In [1]:
%pylab inline
import matplotlib.pyplot as plt
import tensorflow as tf
import numpy as np
import numpy.random as rng
import pandas.io.data as web
import numpy as np
import pandas as pd


Populating the interactive namespace from numpy and matplotlib

In [2]:
def get_prices(symbol):
    start, end = '2007-05-02', '2016-04-11'
    data = web.DataReader(symbol, 'yahoo', start, end)
    data=pd.DataFrame(data)
    prices=data['Adj Close']
    prices=prices.astype(float)
    return prices

def get_returns(prices):
        return ((prices-prices.shift(-1))/prices)[:-1]
    
def get_data(list):
    l = []
    for symbol in list:
        rets = get_returns(get_prices(symbol))
        l.append(rets)
    return np.array(l).T
        
symbol_list = ['C', 'GS']
rets = get_data(symbol_list)

In [3]:
def lstm_iterator(raw_data, num_steps, data_size):
  batch_size=1
 
  raw_data = np.array(raw_data, dtype=np.float32)
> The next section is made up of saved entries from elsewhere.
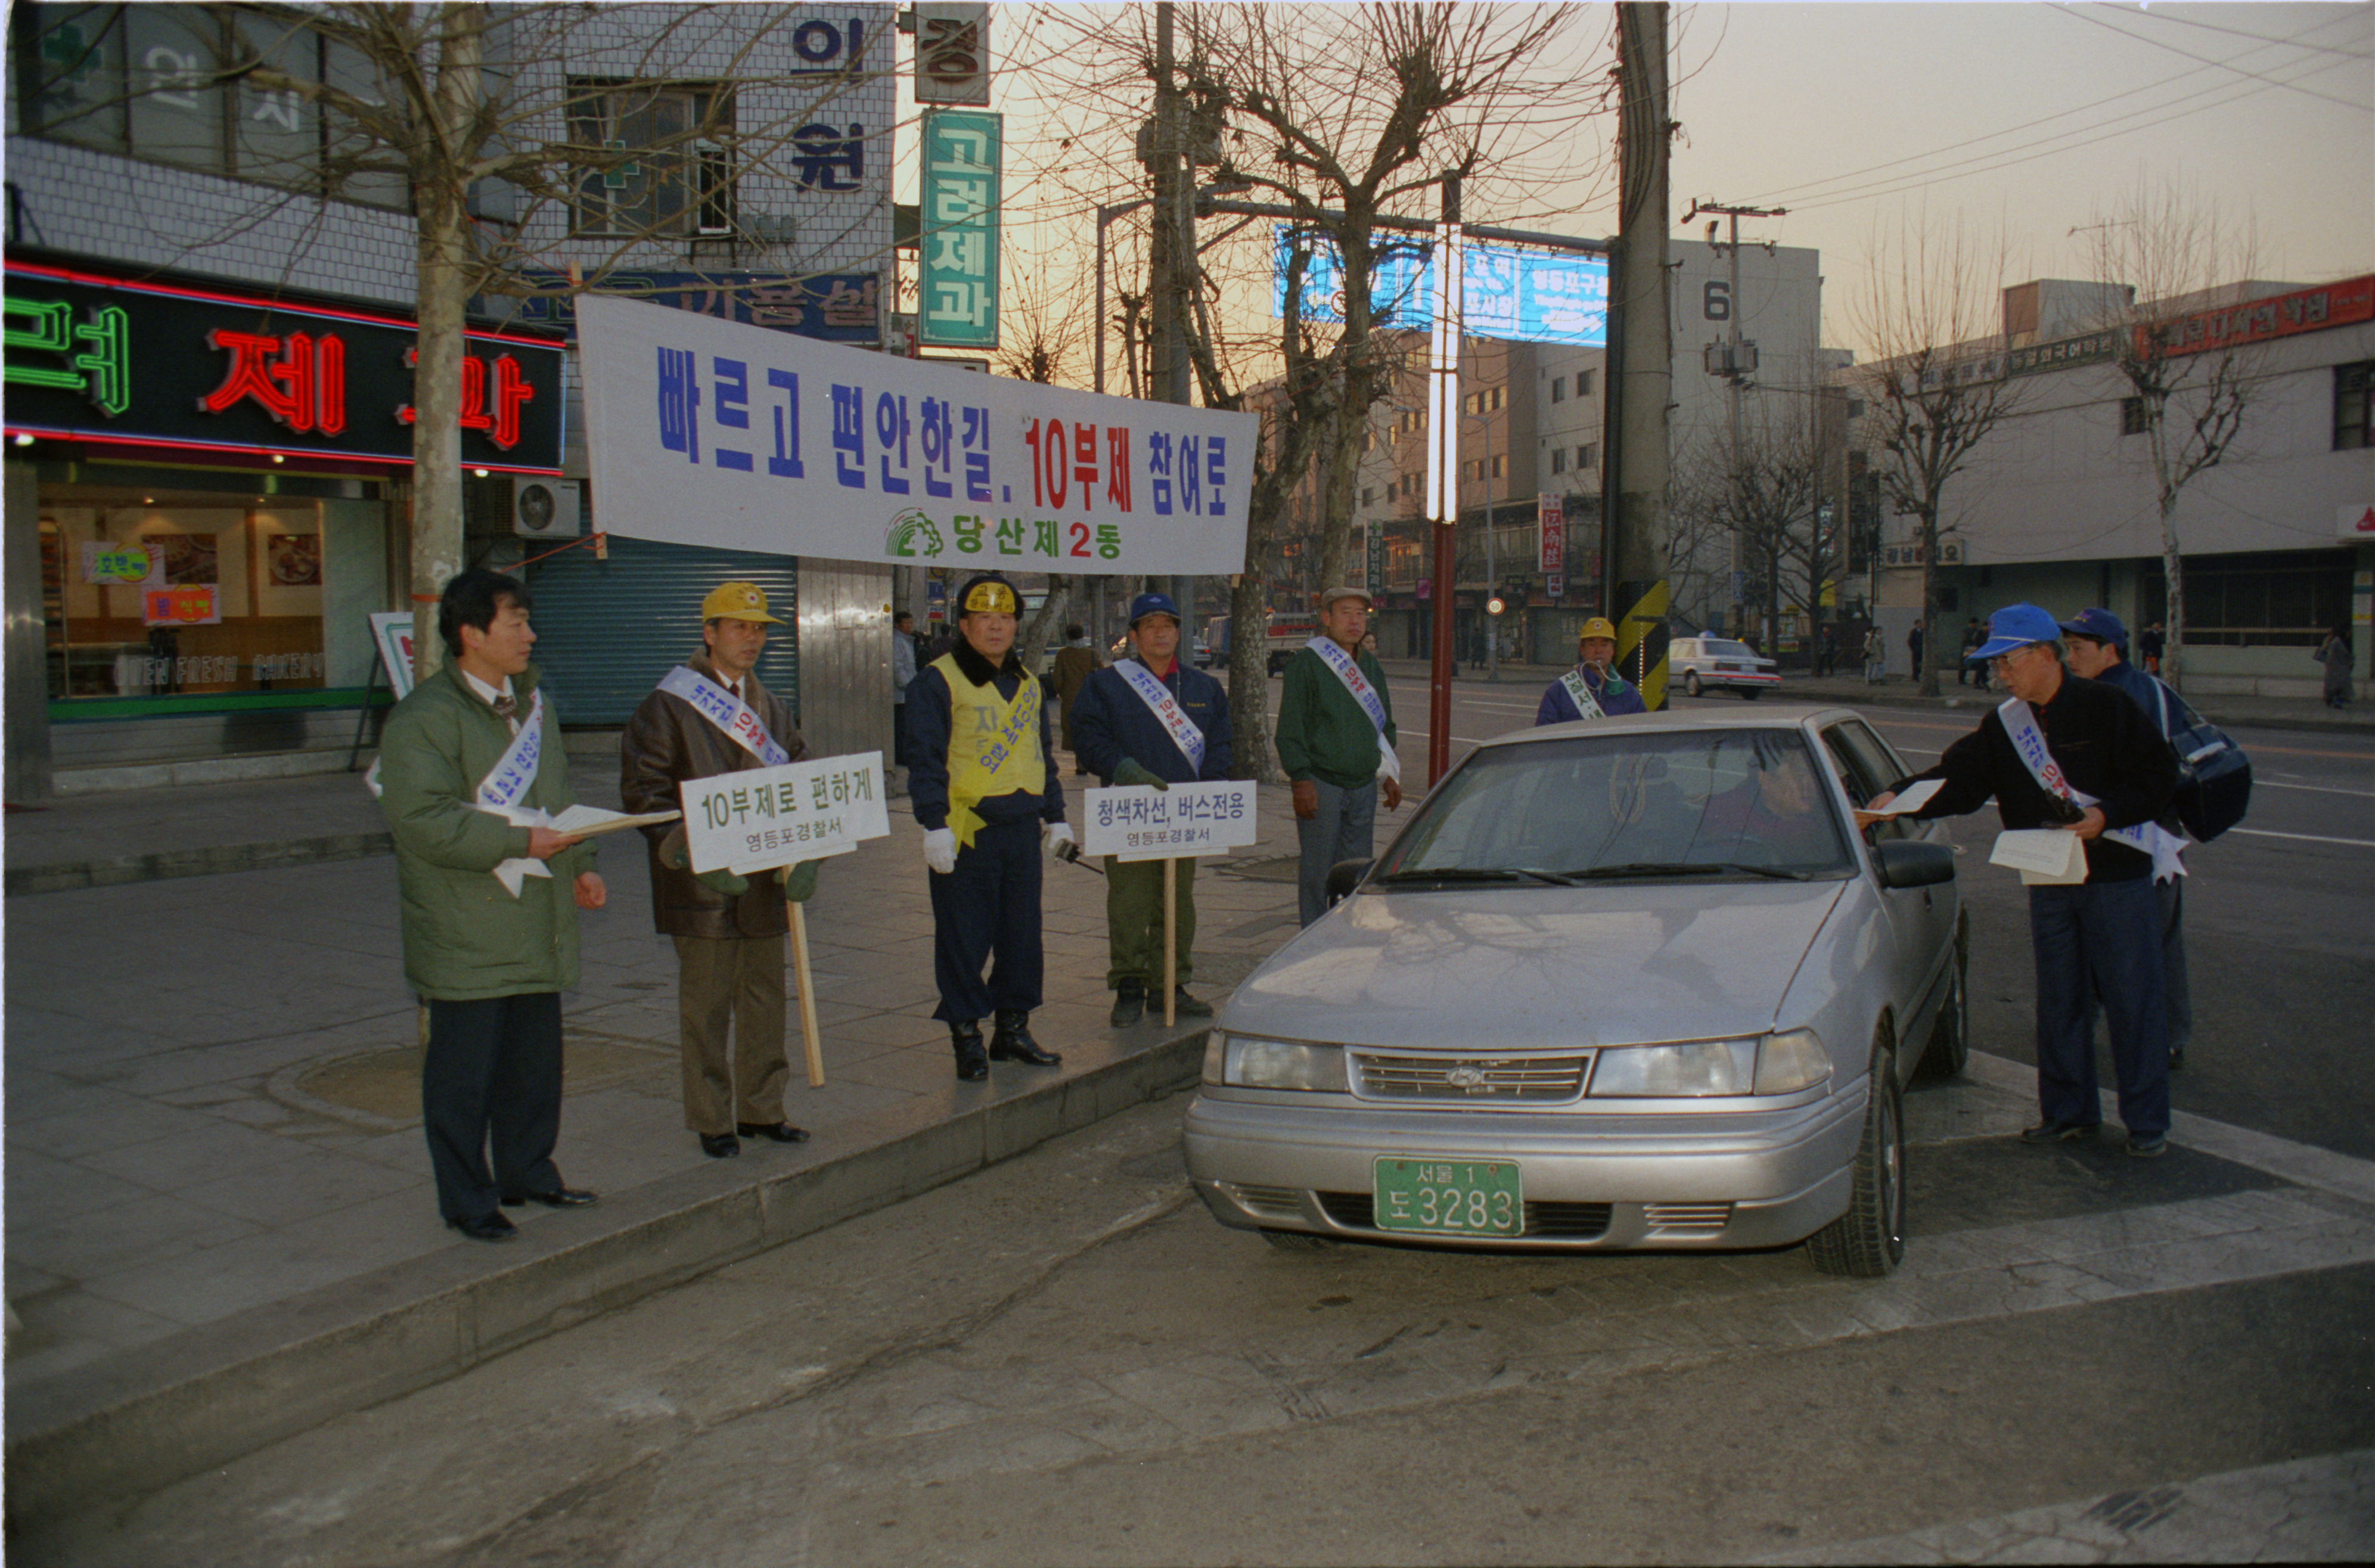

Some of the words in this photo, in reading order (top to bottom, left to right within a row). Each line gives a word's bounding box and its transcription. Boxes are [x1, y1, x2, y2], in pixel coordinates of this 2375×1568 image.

[928, 127, 994, 327] 고려제과
[679, 278, 876, 327] 미용실
[1704, 281, 1730, 321] 6
[657, 346, 805, 479] 빠르고
[1025, 417, 1132, 513] 10부제
[1149, 430, 1227, 516] 참여로
[954, 514, 1122, 560] 당산제2동
[175, 654, 238, 684] FRESH
[252, 651, 326, 682] BAKERY
[701, 782, 797, 830] 10부제로
[811, 766, 873, 811] 편하게
[1178, 792, 1245, 822] 버스전용
[746, 816, 843, 853] 영등포경찰서
[1126, 827, 1210, 847] 영등포경찰서
[1416, 1164, 1453, 1184] 서울
[1466, 1166, 1474, 1185] 1
[1389, 1190, 1412, 1219] 도
[1418, 1187, 1514, 1231] 3283
  data_len = len(raw_data)
  batch_len = data_len // batch_size
  data = np.zeros([batch_size, batch_len, data_size], dtype=np.float32)
  for i in range(batch_size):
    data[i] = raw_data[batch_len * i:batch_len * (i + 1),:]
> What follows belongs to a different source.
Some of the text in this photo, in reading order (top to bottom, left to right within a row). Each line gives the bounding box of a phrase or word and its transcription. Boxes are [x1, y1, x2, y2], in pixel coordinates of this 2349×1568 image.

  epoch_size = (batch_len - 1) // num_steps

  if epoch_size == 0:
    raise ValueError("epoch_size == 0, decrease batch_size or num_steps")
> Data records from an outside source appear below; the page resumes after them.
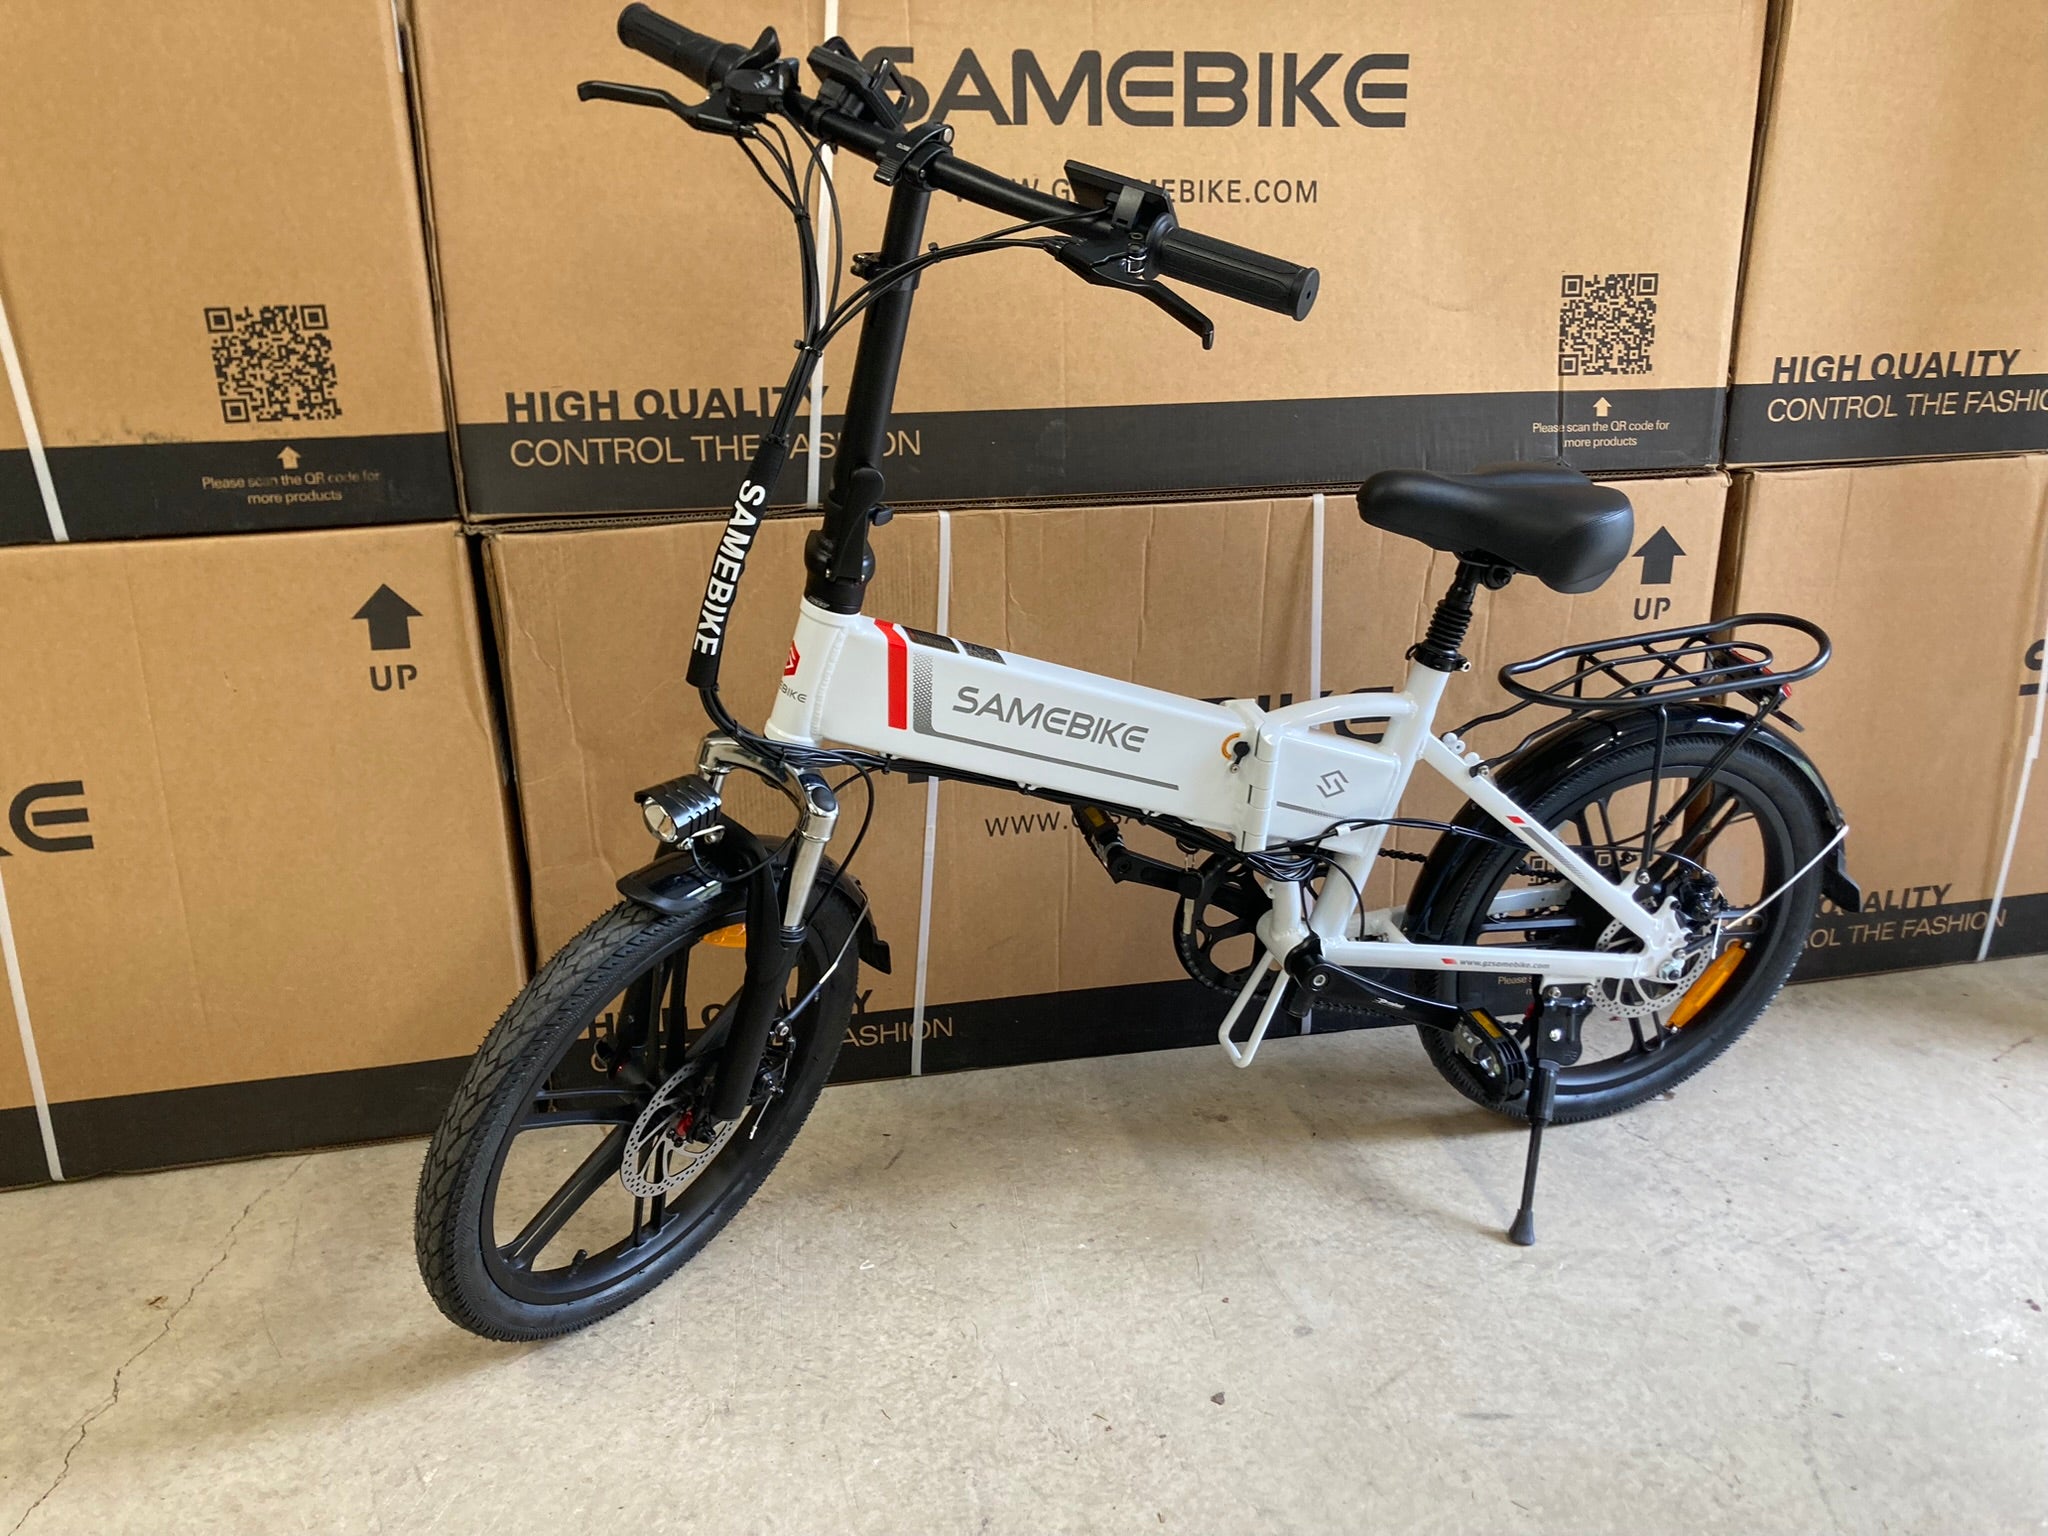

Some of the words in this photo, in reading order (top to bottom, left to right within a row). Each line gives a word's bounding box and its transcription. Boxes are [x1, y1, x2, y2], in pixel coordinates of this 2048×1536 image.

[862, 45, 1410, 129] SAMEBIKE
[1772, 354, 1861, 384] HIGH
[1871, 349, 2021, 381] QUALITY
[505, 389, 620, 423] HIGH
[1767, 394, 1899, 423] CONTROL
[1906, 391, 1960, 417] THE
[1532, 422, 1565, 433] Please
[1566, 423, 1590, 433] scan
[1592, 421, 1608, 432] the
[1610, 420, 1627, 432] QR
[1628, 420, 1654, 431] code
[1655, 419, 1670, 431] for
[510, 437, 684, 467] CONTROL
[691, 435, 760, 462] THE
[1563, 439, 1591, 448] more
[1593, 436, 1638, 449] products
[201, 476, 245, 490] Please
[247, 476, 278, 489] scan
[281, 473, 301, 487] the
[304, 472, 326, 486] QR
[327, 471, 359, 484] code
[362, 470, 380, 482] for
[247, 493, 282, 505] more
[285, 490, 343, 505] products
[693, 479, 766, 657] SAMEBIKE
[1633, 597, 1671, 621] UP
[369, 664, 417, 692] UP
[952, 686, 1150, 753] SAMEBIKE
[1848, 921, 1895, 944] THE
[1901, 909, 2007, 939] FASHION
[1497, 976, 1528, 985] Please
[843, 1017, 953, 1047] ASHION
  for i in range(epoch_size):
    x = data[:, i*num_steps:(i+1)*num_steps]
    y = data[:, i*num_steps+1:(i+1)*num_steps+1]
    yield (x[0], y[0])

In [4]:
'''symbol_list = ['C', 'GS']
rets = get_data(symbol_list)
ins, outs = sort_data(rets)
ins = ins.transpose([0,2,1]).reshape([-1, len(symbol_list) * 100])
div = int(.8 * ins.shape[0])
train_ins, train_outs = ins[:div], outs[:div]
test_ins, test_outs = ins[div:], outs[div:]

#normalize inputs
train_ins, test_ins = train_ins/np.std(ins), test_ins/np.std(ins)'''


Out[4]:
"symbol_list = ['C', 'GS']\nrets = get_data(symbol_list)\nins, outs = sort_data(rets)\nins = ins.transpose([0,2,1]).reshape([-1, len(symbol_list) * 100])\ndiv = int(.8 * ins.shape[0])\ntrain_ins, train_outs = ins[:div], outs[:div]\ntest_ins, test_outs = ins[div:], outs[div:]\n\n#normalize inputs\ntrain_ins, test_ins = train_ins/np.std(ins), test_ins/np.std(ins)"

In [5]:
#sess = tf.InteractiveSession()

In [4]:
class LSTMModel(object):
    def __init__(self, num_steps, num_samples):#, config):
        symbol_list = ['C', 'GS']

        positions = tf.constant([-1,0,1]) #long, neutral or short
        num_positions = 3
        num_symbols = len(symbol_list)
        self.num_samples = num_samples
        self.num_steps = num_steps

        #n_input = num_symbols * 100

        hidden_size=21
        n_classes = num_positions * num_symbols

        #self.num_steps = tf.placeholder(tf.int64)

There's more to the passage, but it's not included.